Kids can lose voucher accounts for low academic performance
The national school-choice lobby has very effective messaging: no kid should be trapped in a failing school because of his or her zip code. Kids and parents should be empowered to choose schools that are best for them. Yada yada yada.
But page 89 of the bill states that kids who fail to meet academic standards are ineligible to continue with the voucher program. The bill, however, does not define what these academic standards are. If a child applies to a private school with a voucher but has a disability, behavioral challenge, or really any other quality that a private school determines is below their standard, that kid gets booted. Private schools are not required to accept students who apply with vouchers, and private school are not required to continue educating students they deem unworthy. The bottom line: only certain kids are entitled to vouchers.

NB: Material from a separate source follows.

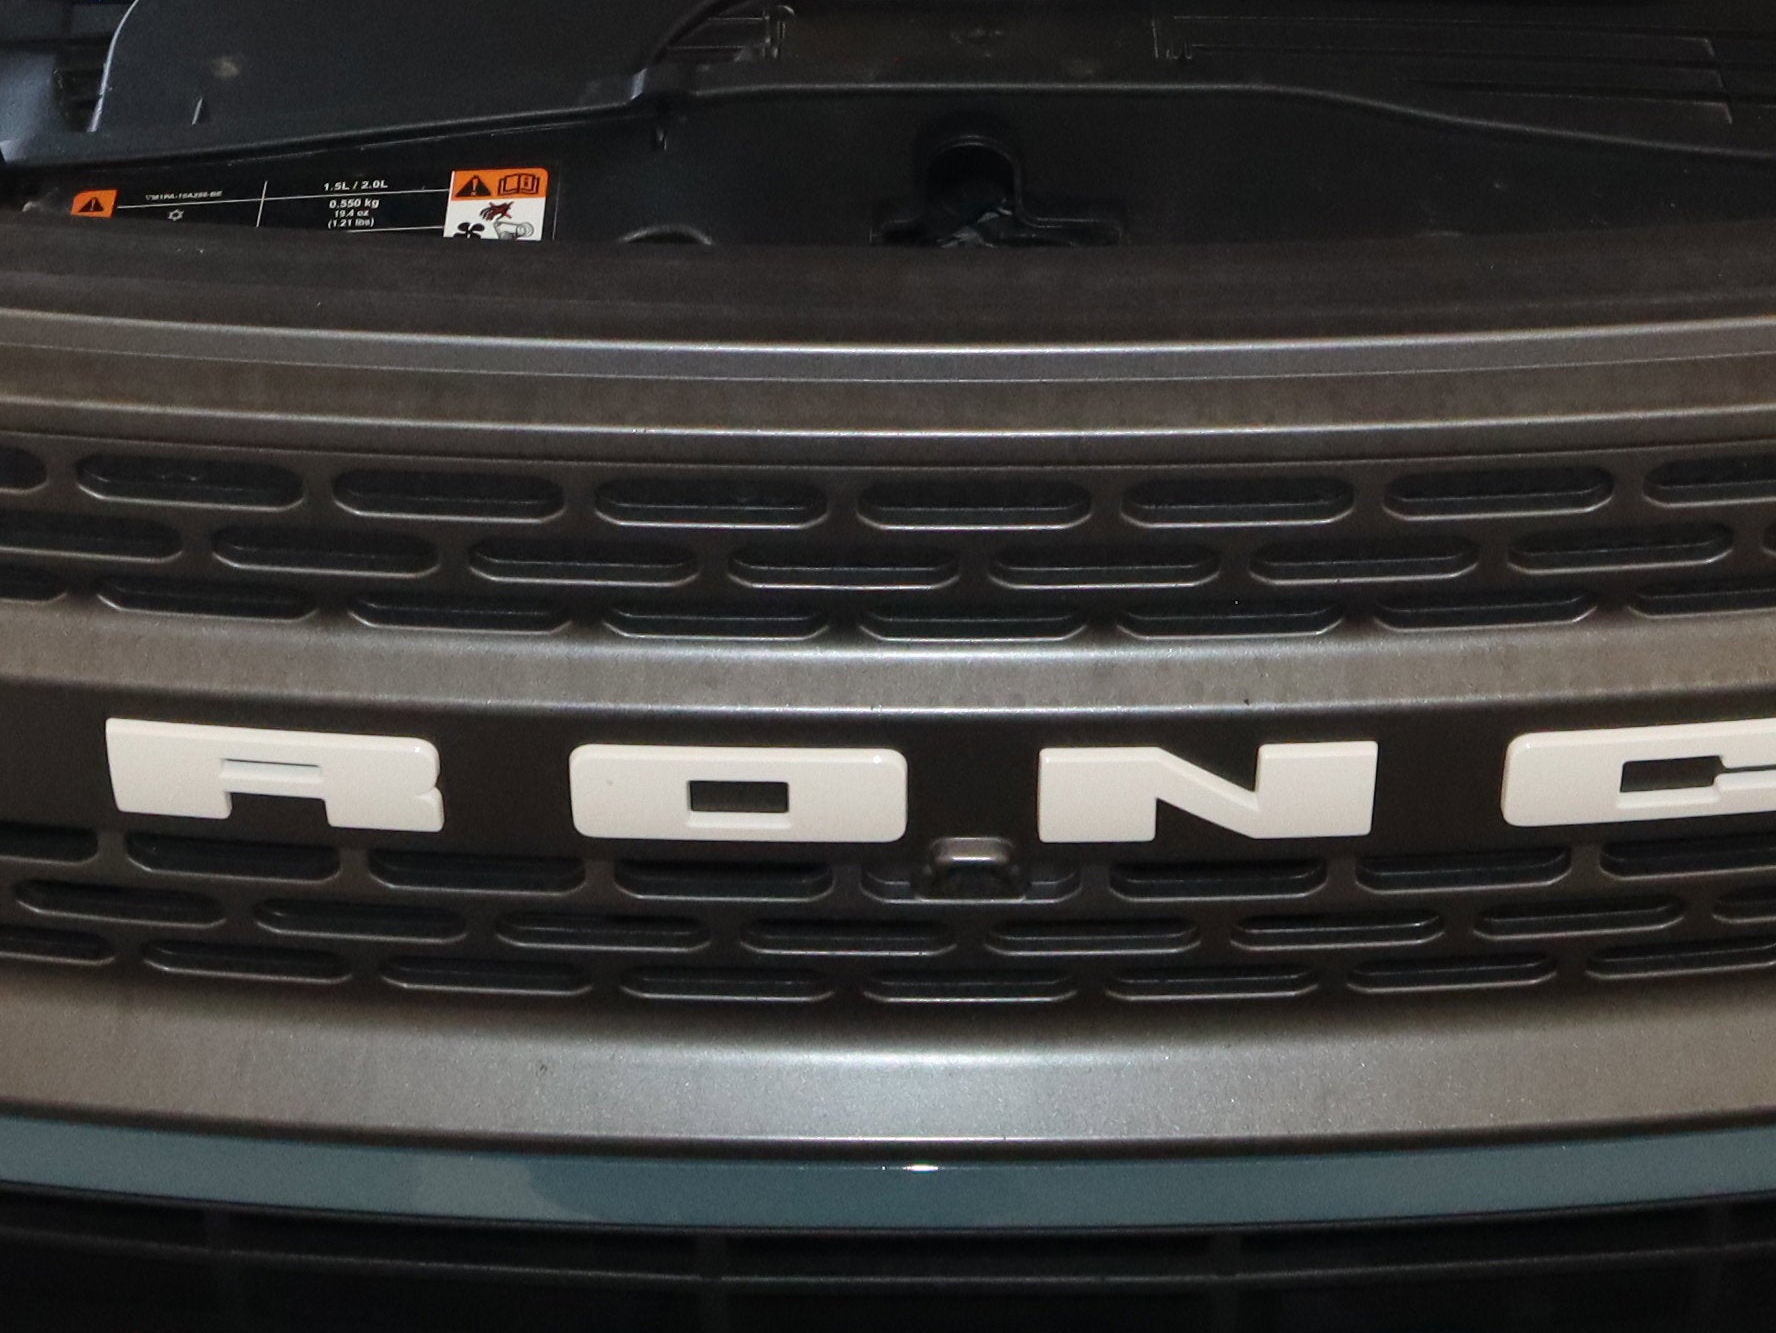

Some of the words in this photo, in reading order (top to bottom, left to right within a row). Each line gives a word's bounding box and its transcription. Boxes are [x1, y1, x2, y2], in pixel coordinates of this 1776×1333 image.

Institutions will make money off tax-payer funded voucher accounts
When politicians say it’s not about the money, that usually means it is. We’ve discussed how vouchers siphon public dollars from public schools. The program is set up so taxpayers subsidize families’ private school tuition costs, which is pretty gross. But who else stands to gain from the voucher scheme? Money management vendors.
On page 87, the bill states that voucher-account service providers can withhold up to 5% of the money in every voucher account “for the administration of the program.” If every student currently enrolled in private school (~26,000 Arkansas Students) applies for a voucher account, that’s about $192 million in voucher accounts for one school year. If account providers are skimming 5%, that’s $9.6 million a year of tax payer money going directly to voucher account providers.
UPDATE:
We’ve learned that up in New Hampshire, voucher accounts are operated by a single nonprofit: The Children’s Scholarship Fund of New Hampshire. The nonprofit has sole control of the program including the application process, receiving of funds, dispersement of funds, and oversight. In 2021, the program reported nearly $28 million in revenue. $1.2 million of that was spent on salaries for 7 people, all of whom earn over $100,000/year.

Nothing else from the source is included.